▶ [Prompt]: Output the records exactly as they appear, with no pictures included.

------------------------------------------------------------

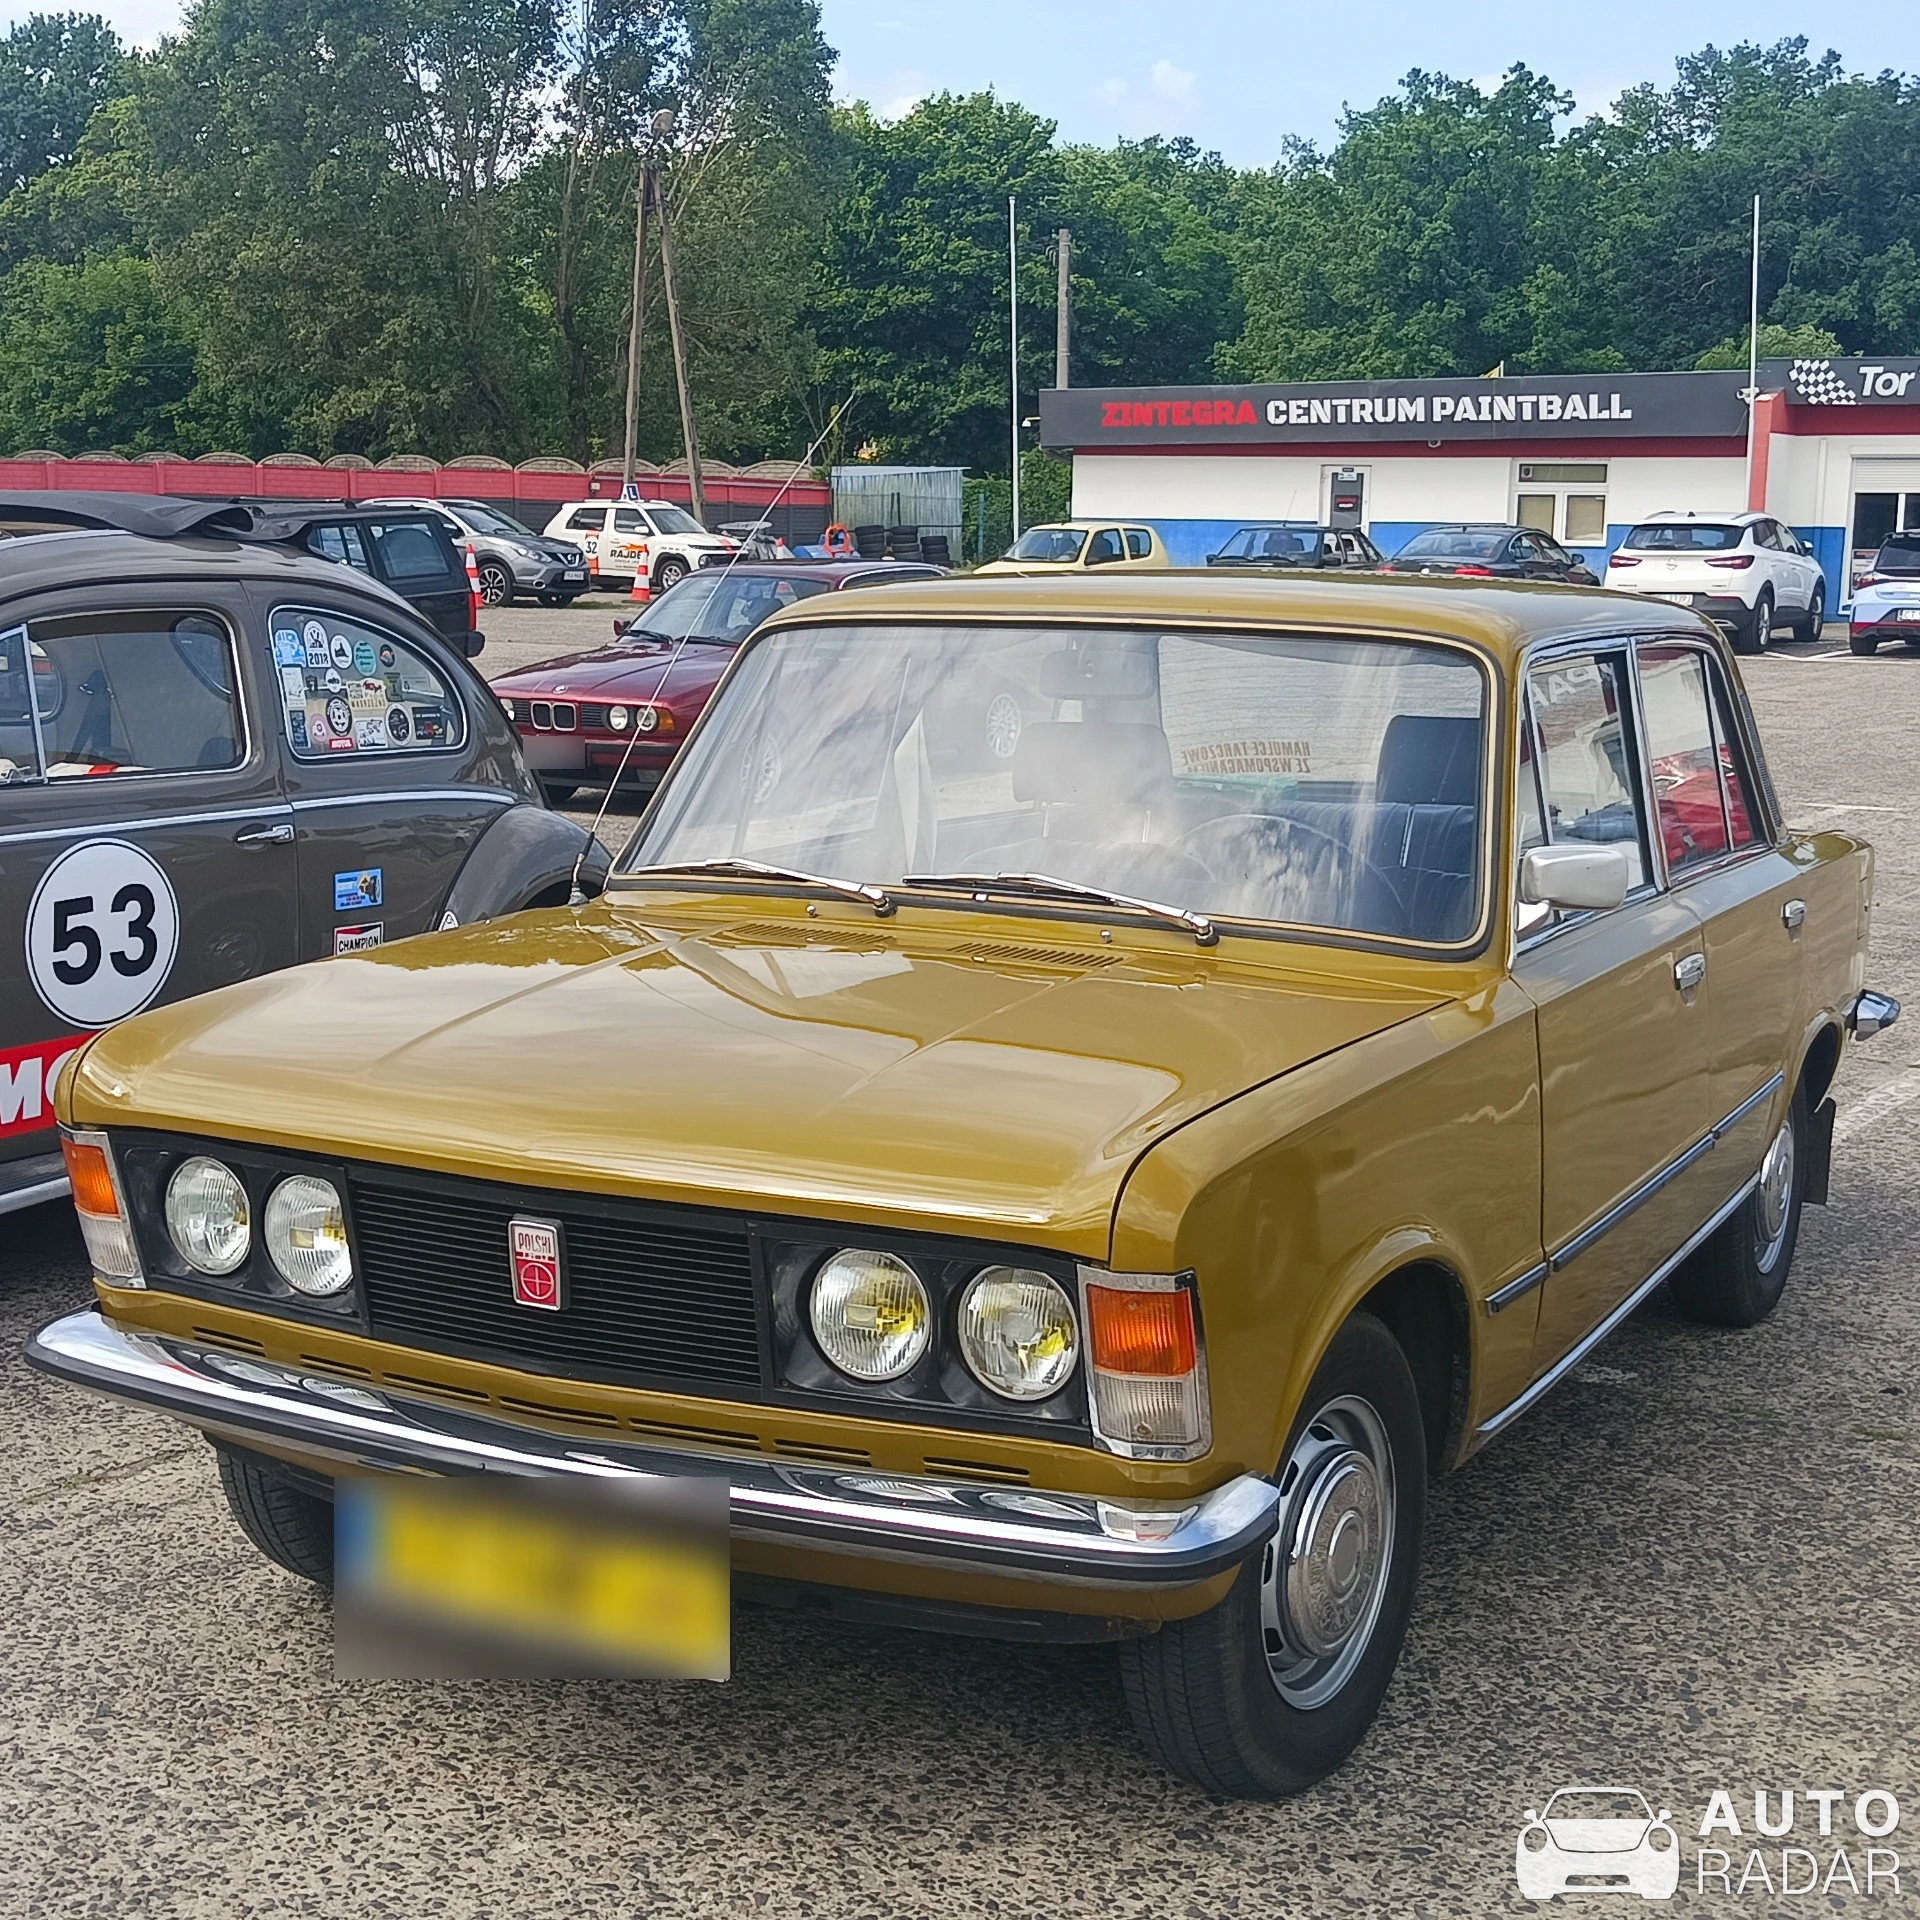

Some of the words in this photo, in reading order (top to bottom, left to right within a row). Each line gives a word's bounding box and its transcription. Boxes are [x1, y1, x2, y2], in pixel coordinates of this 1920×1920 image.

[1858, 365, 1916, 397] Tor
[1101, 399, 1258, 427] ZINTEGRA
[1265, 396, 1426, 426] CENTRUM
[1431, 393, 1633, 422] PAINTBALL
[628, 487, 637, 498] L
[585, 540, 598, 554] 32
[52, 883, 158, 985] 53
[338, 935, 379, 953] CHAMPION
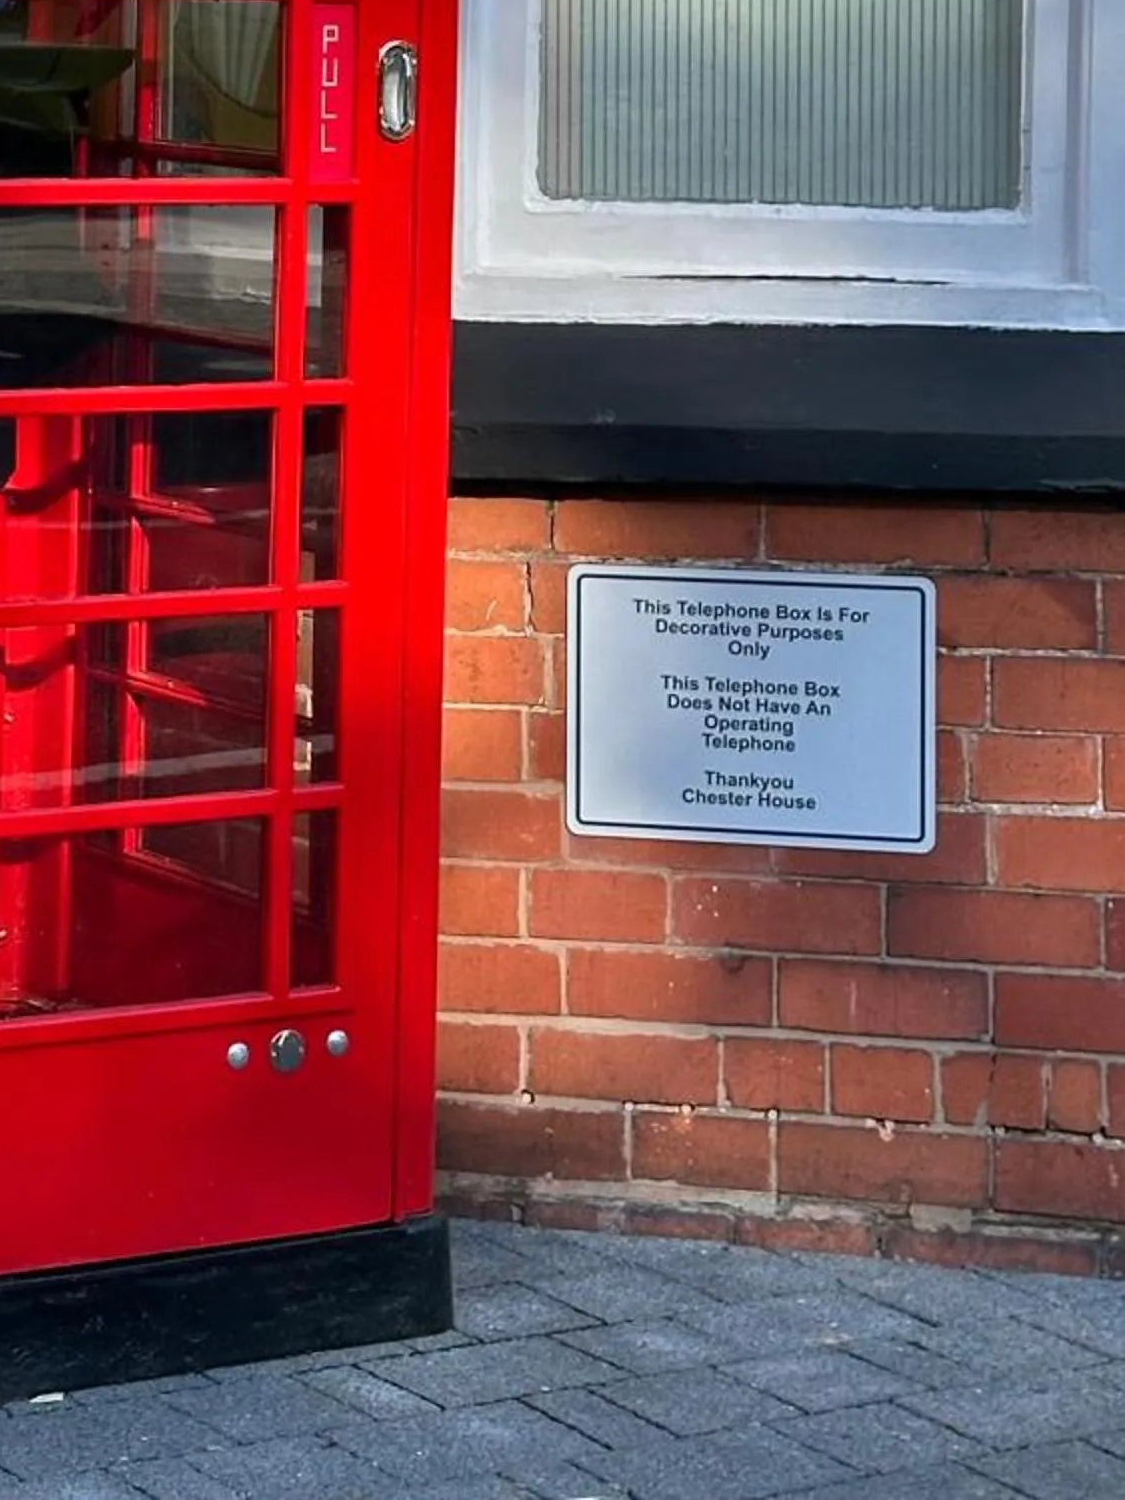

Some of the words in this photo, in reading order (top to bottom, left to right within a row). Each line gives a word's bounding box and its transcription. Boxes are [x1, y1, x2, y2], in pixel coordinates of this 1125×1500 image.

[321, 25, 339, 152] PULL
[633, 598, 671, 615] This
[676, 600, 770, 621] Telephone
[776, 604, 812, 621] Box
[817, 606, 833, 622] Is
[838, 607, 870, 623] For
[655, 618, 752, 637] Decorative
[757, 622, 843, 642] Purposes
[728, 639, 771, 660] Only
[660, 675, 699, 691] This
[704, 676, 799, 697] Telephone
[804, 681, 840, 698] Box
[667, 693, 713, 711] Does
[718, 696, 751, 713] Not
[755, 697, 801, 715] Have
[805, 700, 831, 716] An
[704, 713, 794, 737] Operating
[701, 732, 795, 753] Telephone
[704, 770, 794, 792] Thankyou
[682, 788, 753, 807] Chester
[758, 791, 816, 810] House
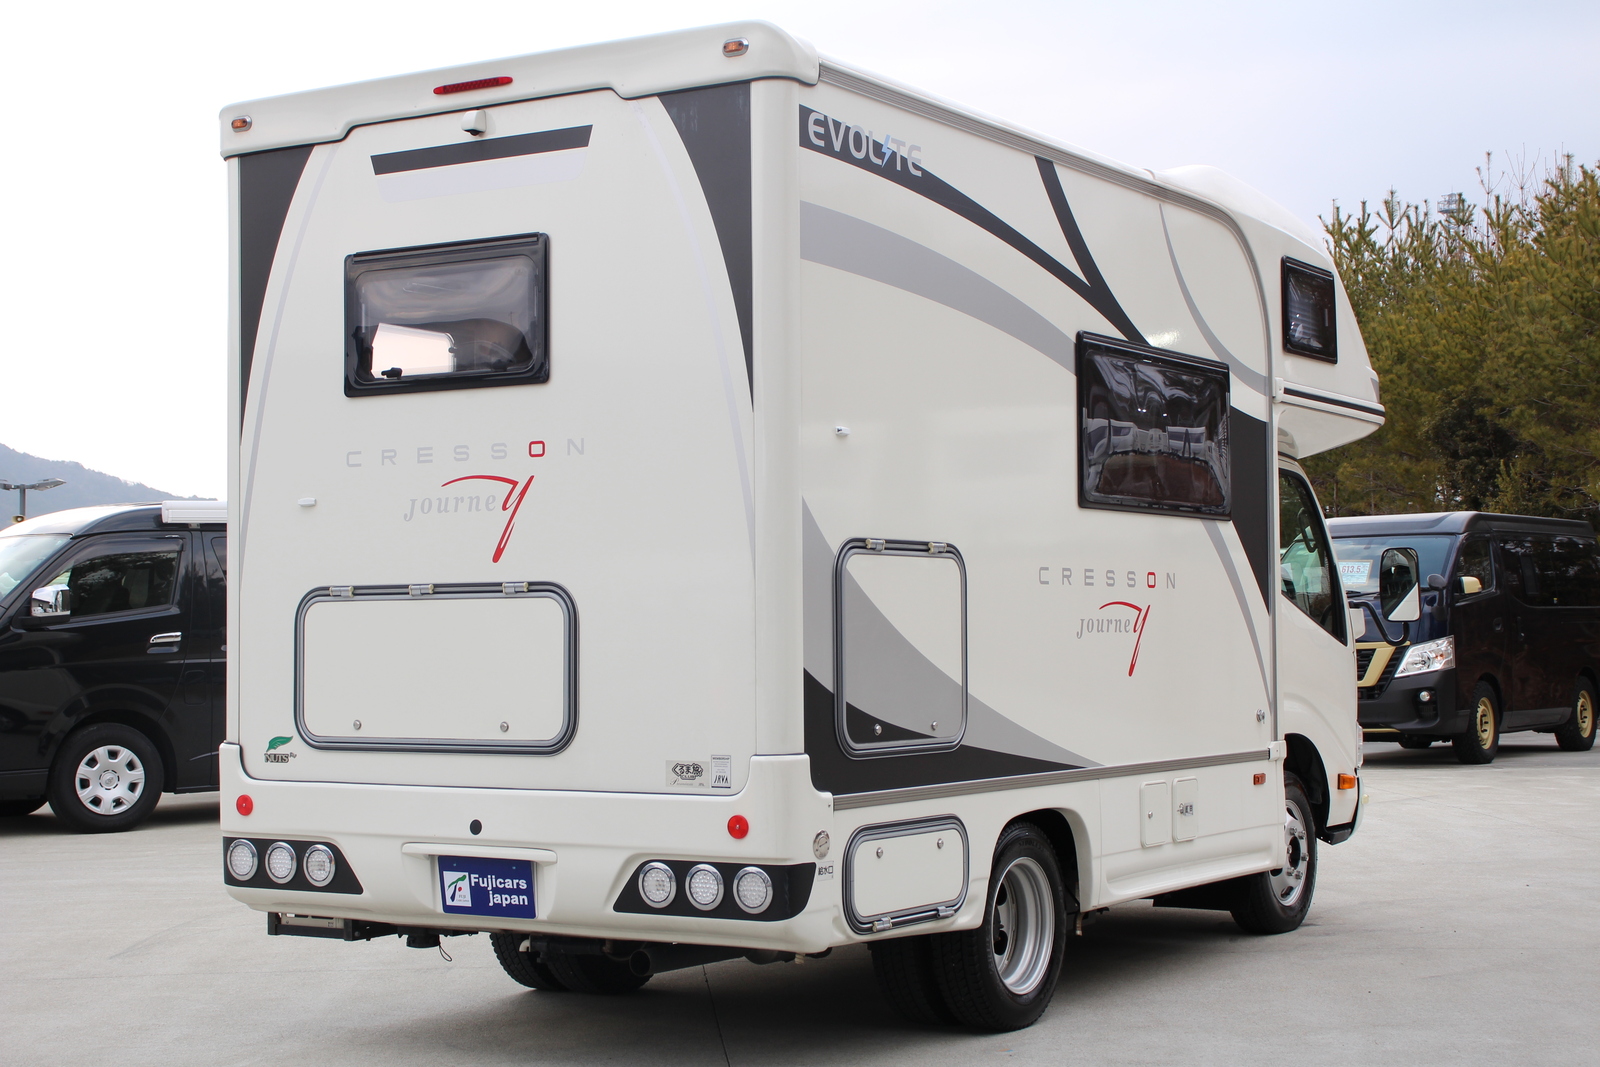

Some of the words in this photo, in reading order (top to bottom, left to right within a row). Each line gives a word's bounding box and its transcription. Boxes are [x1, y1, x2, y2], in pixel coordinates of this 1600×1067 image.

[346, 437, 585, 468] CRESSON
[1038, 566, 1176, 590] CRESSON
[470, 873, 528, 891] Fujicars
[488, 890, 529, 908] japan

------------------------------------------------------------

▶ [Finished task]:
Some of the words in this photo, in reading order (top to bottom, left to right within a row). Each line gives a word's bounding box and its transcription. Boxes are [x1, y1, x2, y2], in pixel coordinates of this 1920×1920 image.

[1858, 365, 1916, 397] Tor
[1101, 399, 1258, 427] ZINTEGRA
[1265, 396, 1426, 426] CENTRUM
[1431, 393, 1633, 422] PAINTBALL
[628, 487, 637, 498] L
[585, 540, 598, 554] 32
[52, 883, 158, 985] 53
[338, 935, 379, 953] CHAMPION

Some of the words in this photo, in reading order (top to bottom, left to right within a row). Each line gives a word's bounding box and its transcription. Boxes are [x1, y1, x2, y2], in pixel coordinates of this 1125×1500 image.

[321, 25, 339, 152] PULL
[633, 598, 671, 615] This
[676, 600, 770, 621] Telephone
[776, 604, 812, 621] Box
[817, 606, 833, 622] Is
[838, 607, 870, 623] For
[655, 618, 752, 637] Decorative
[757, 622, 843, 642] Purposes
[728, 639, 771, 660] Only
[660, 675, 699, 691] This
[704, 676, 799, 697] Telephone
[804, 681, 840, 698] Box
[667, 693, 713, 711] Does
[718, 696, 751, 713] Not
[755, 697, 801, 715] Have
[805, 700, 831, 716] An
[704, 713, 794, 737] Operating
[701, 732, 795, 753] Telephone
[704, 770, 794, 792] Thankyou
[682, 788, 753, 807] Chester
[758, 791, 816, 810] House

Some of the words in this photo, in reading order (top to bottom, left to right within a row). Each line gives a word's bounding box and its transcription. Boxes are [x1, y1, x2, y2], in pixel coordinates of this 1600×1067 image.

[346, 437, 585, 468] CRESSON
[1038, 566, 1176, 590] CRESSON
[470, 873, 528, 891] Fujicars
[488, 890, 529, 908] japan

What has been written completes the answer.